Targeting Reactive Lysines in Live Cells
Reference link: https://pmc.ncbi.nlm.nih.gov/articles/PMC10988577/
Background
While cysteine profiling is standard, identifying reactive lysines globally in live cells remains difficult due to lysine's lower physiological nucleophilicity and high proteome abundance. Mapping these sites is crucial for discovering new allosteric pockets and molecular glue degraders.
Methods
Researchers developed a platform utilizing a specific pyridinium-based probe for the selective modification of lysine residues. The workflow involved incubating the covalent probe directly in live cells, cell lysis, streptavidin enrichment, and rigorous on-bead tryptic digestion.

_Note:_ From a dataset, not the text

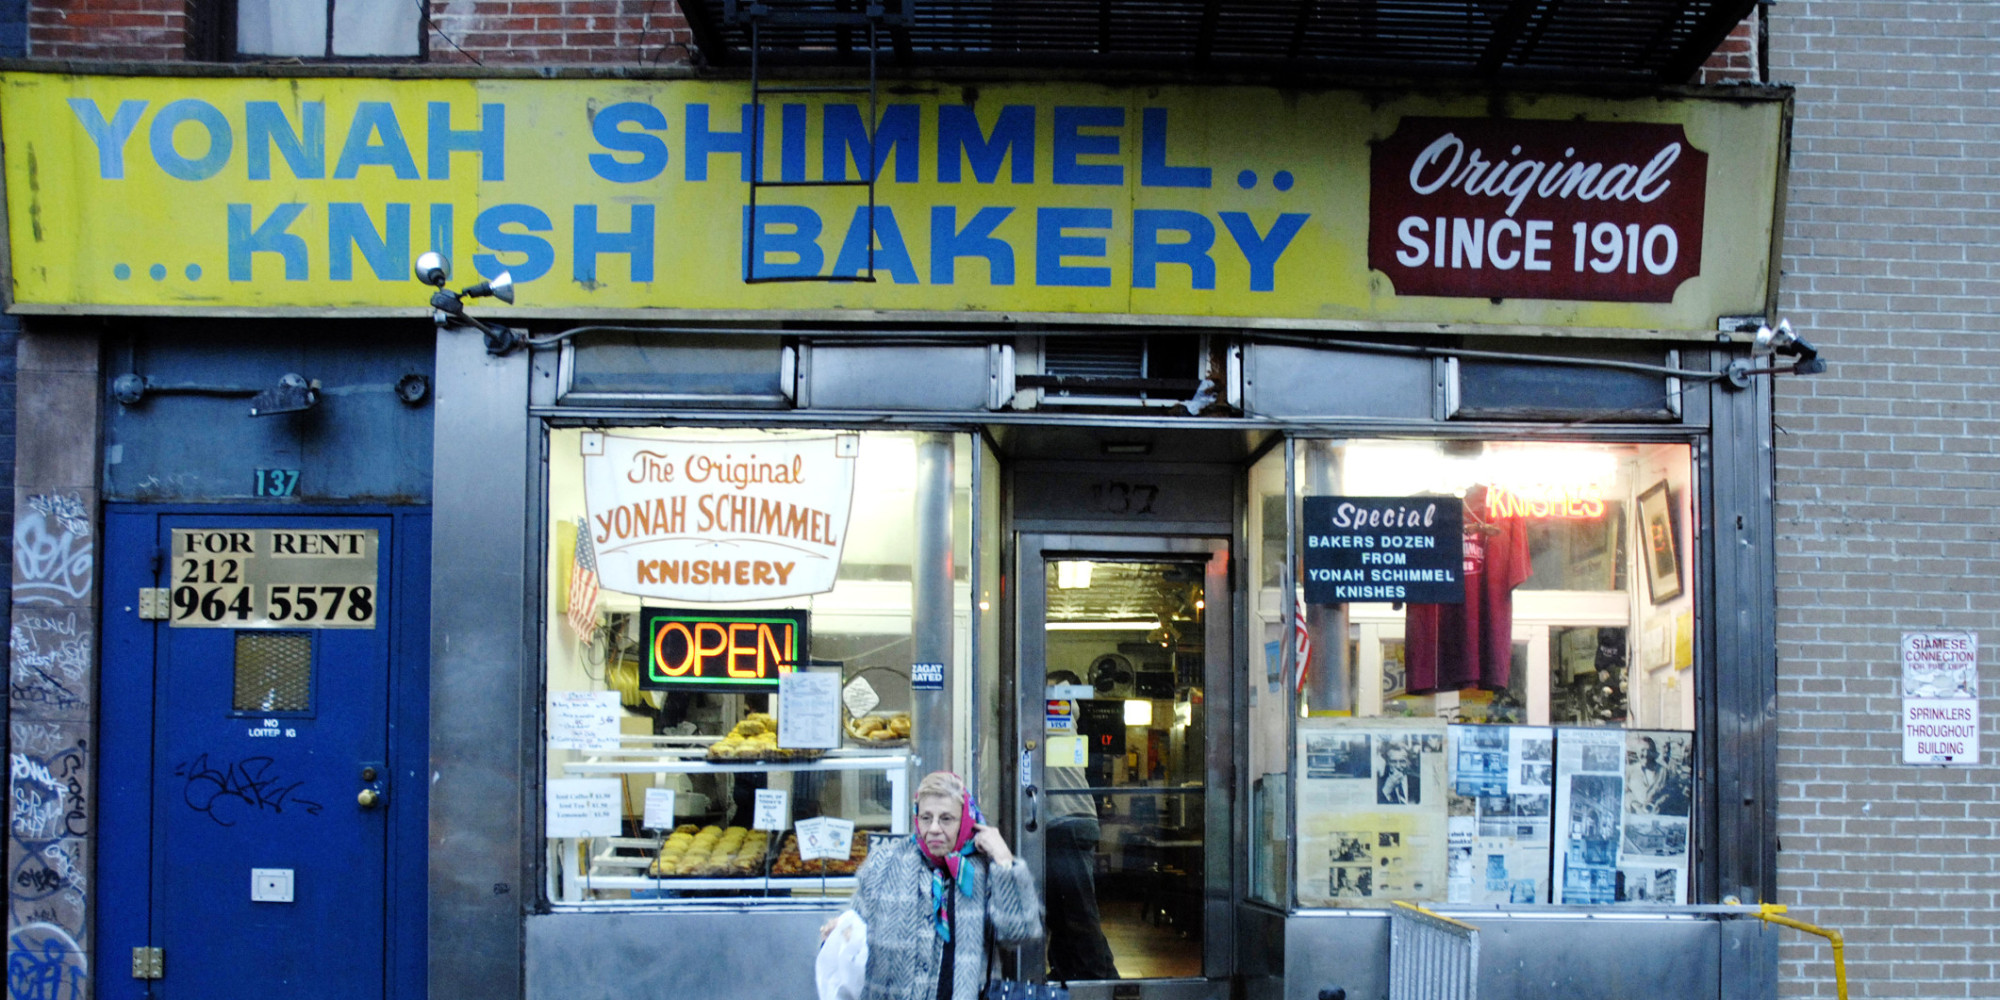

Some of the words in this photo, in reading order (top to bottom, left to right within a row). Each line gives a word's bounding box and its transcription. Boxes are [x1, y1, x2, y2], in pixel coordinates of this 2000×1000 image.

Peptides were analyzed using high-resolution LC-MS/MS with heavily customized bioinformatic pipelines.
Results
As demonstrated in Figure 1 of the referenced study, the methodology successfully mapped hundreds of highly reactive, ligandable lysine sites across the human proteome directly in a live-cell environment. The MS2 spectra provided clear, unambiguous b and y ion series flanking the modified residues.
Conclusion
This application definitively proves that with the right combination of probe chemistry, tailored enrichment buffers, and precise HRMS parameters, it is entirely feasible to achieve deep, site-specific mapping of challenging non-Cys residues.